Reviewer #2 (Public review):

Summary:

This useful study combines atomic force microscopy with genetic manipulations of the lamin meshwork and microinjection of cytoskeletal depolymerizing drugs to probe the mechanical responses of intracellular organelles to combinations of cytoskeletal perturbations. This study demonstrates both local and distal responses of intracellular organelles to mechanical forces and shows that these responses are affected by disruption of the actin, microtubule, and lamin cytoskeletal systems. Interpretation of these effects is limited by the absence of key data determining whether acute microinjection of cytoskeleton-depolymerizing drugs has complete or partial effects on the targeted cytoskeletal networks.

Strengths:

This study uses a sensitive micromanipulation system to apply and visualize the effects of force on intracellular organelles.

Weaknesses:

The choice to deliver cytoskeleton-depolymerizing drugs by local microinjection is unusual, and it is unclear to what extent actin and microtubule filaments are actually depolymerized immediately after microinjection and on the minutes-length timescale being evaluated in this study. This omission limits the interpretation of these data.

Reviewer #3 (Public review):

Summary:

Using an approach developed by the authors (FluidFM) combined with FLIM, they discover that a mechanical force applied over the cell nucleus triggers mechanical responses dependent on the Lamina composition.

Strengths:

The authors present a new approach to study mechano-transduction in living cells, with which they uncover lamin-dependent properties of the nucleus.

Weaknesses:

(1) The transfer of the mechanical response from the Lamina to the ER is not fully covered.

(2) In Figure 4D, WT dots are the same for each compartment. Why do the authors not make one graph for each compartment with WT, A-KO, B-KD, and A-KO/B-KD together?

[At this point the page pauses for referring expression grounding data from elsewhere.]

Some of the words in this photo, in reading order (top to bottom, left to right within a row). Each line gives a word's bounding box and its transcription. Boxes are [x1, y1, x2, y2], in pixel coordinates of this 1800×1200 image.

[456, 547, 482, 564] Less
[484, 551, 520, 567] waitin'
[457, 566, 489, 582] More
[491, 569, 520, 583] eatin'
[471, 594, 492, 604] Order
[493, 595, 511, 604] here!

(2) In Figure 1E, the authors showed well how the probe deforms the nucleus. It is not indicated in the material and methods section or in the figure legend, where, in Z, the acquisition of FLIM images was made or if it is a maximum projection. I assume it was made at a plane in the middle of the nucleus to see the nuclear envelope border and the ER at the same time. Did the authors look at the nuclear membrane facing upward, where most of the deformation should occur? Are there more lifetime changes? In Figure D, before injection of CytoD, we can clearly see a difference at the pyramidal indentation site with two different lifetime colors.

(3) A great result of this article regards the importance of Lamins, A and B, in triggering the response to a mechanical force applied to the nucleus. Could 3D imaging for LaminA and LaminB be performed at the different time points of indentation to see how the lamins meshworks are deformed and how they return to basal state? This could be correlated with the FLIM results described in the article.

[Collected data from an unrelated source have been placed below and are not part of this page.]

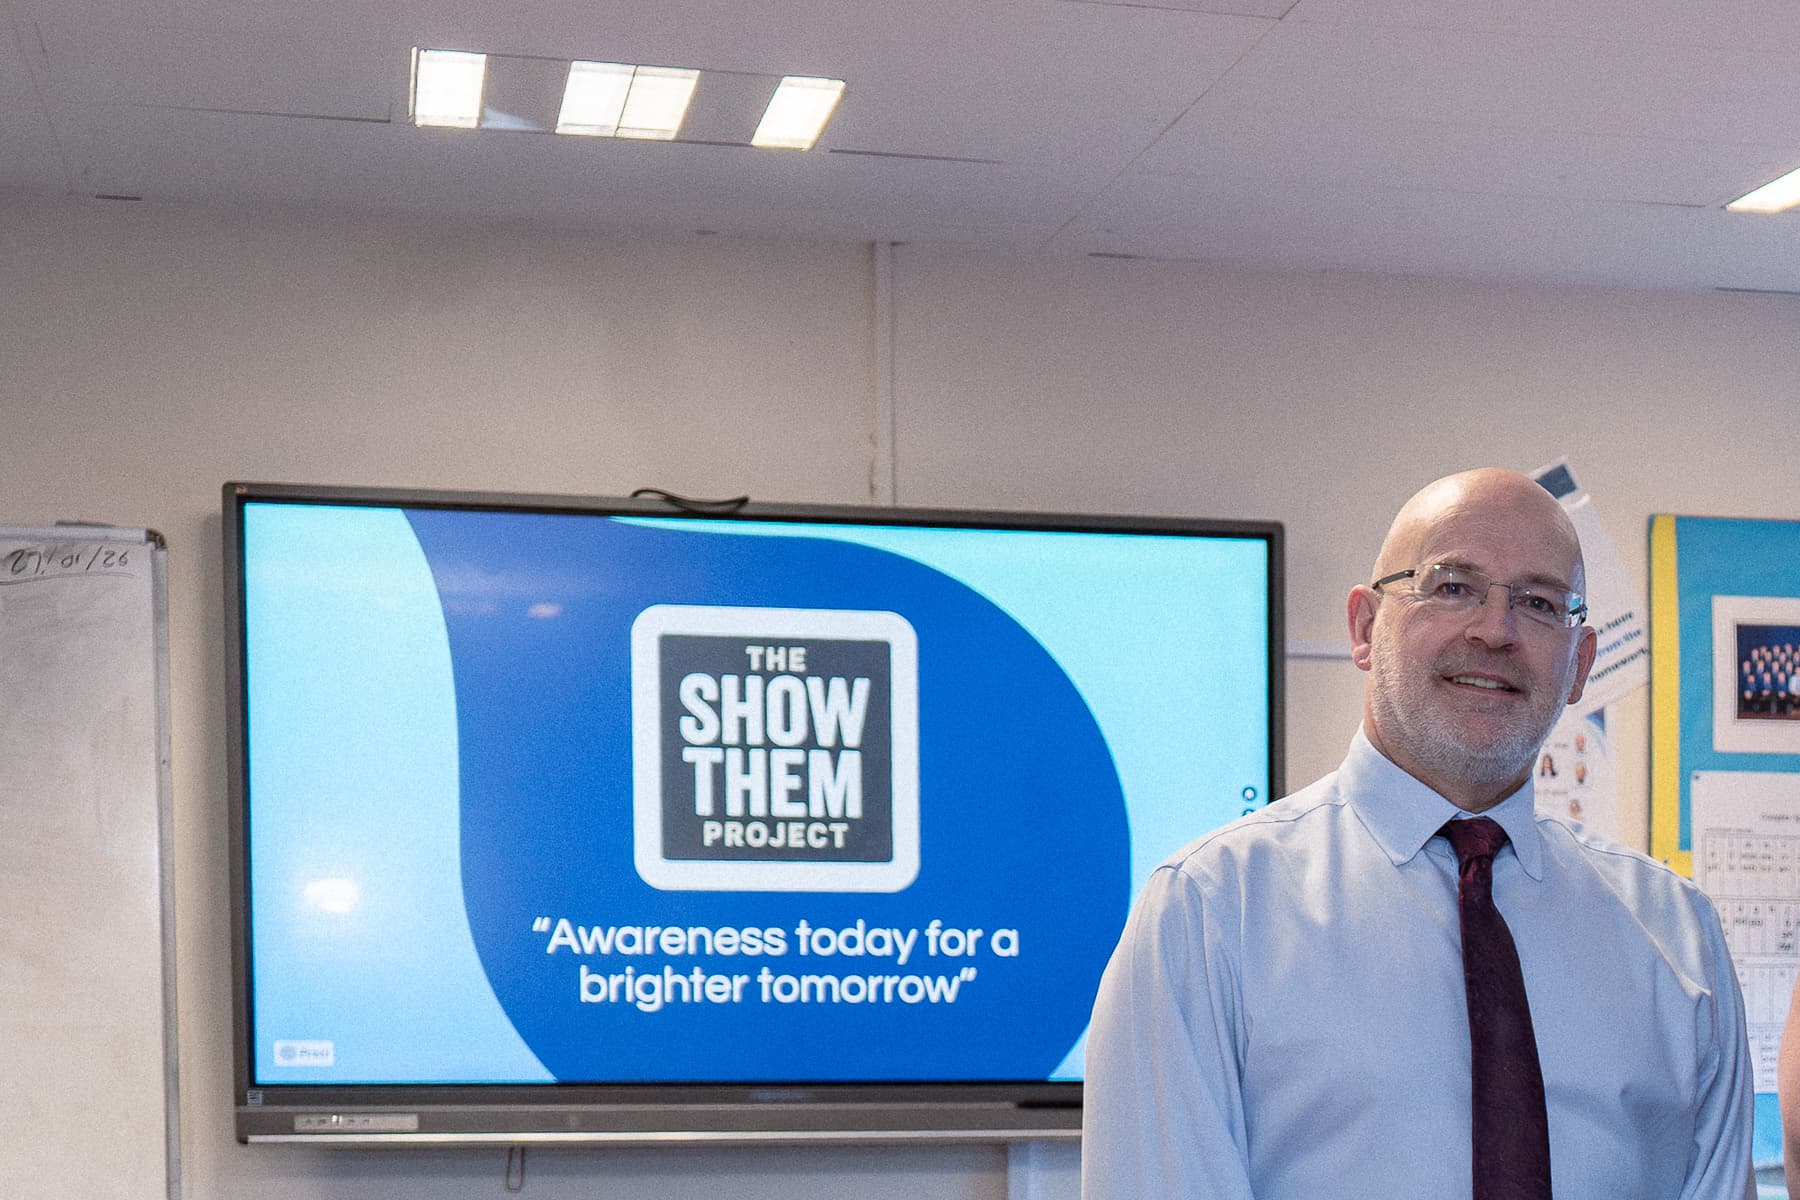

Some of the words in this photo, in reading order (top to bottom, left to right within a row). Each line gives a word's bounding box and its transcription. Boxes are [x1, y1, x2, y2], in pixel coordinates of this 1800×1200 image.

[746, 646, 806, 671] THE
[679, 672, 871, 748] SHOW
[681, 746, 863, 820] THEM
[702, 820, 849, 849] PROJECT
[798, 918, 919, 965] today
[925, 920, 984, 957] for
[990, 926, 1020, 957] a
[579, 964, 750, 1012] brighter

(4) Lamins form a meshwork underneath the nuclear membrane. They are connected to the cytoskeletons mainly by the LINC complex. Results presented here show that the cytoskeletons are implicated in transferring the stimulus from the nuclear envelope to the ER. Could the author perform the same experiments using Nesprin-2 or/and Nesprin-1 or/and SUN1/2 knockdowns to determine if this transmission is occurring through the LINC complex or rather in a passive way by modifying the nuclear close surroundings?

(5) The authors used cytoskeleton drugs, CytoD and Nocodazole, with their FluidFM probe, but did not show if the drugs actually worked and to what extent by performing actin or microtubule stainings. In the original paper describing FluidFM, 15s were enough to obtain a full FITC-positive cell after injection. Here, the experiments are around 5 minutes long. I therefore interrogate the rationale behind the injection of the drugs compared to direct incubation, besides affecting only the cell currently under indentation.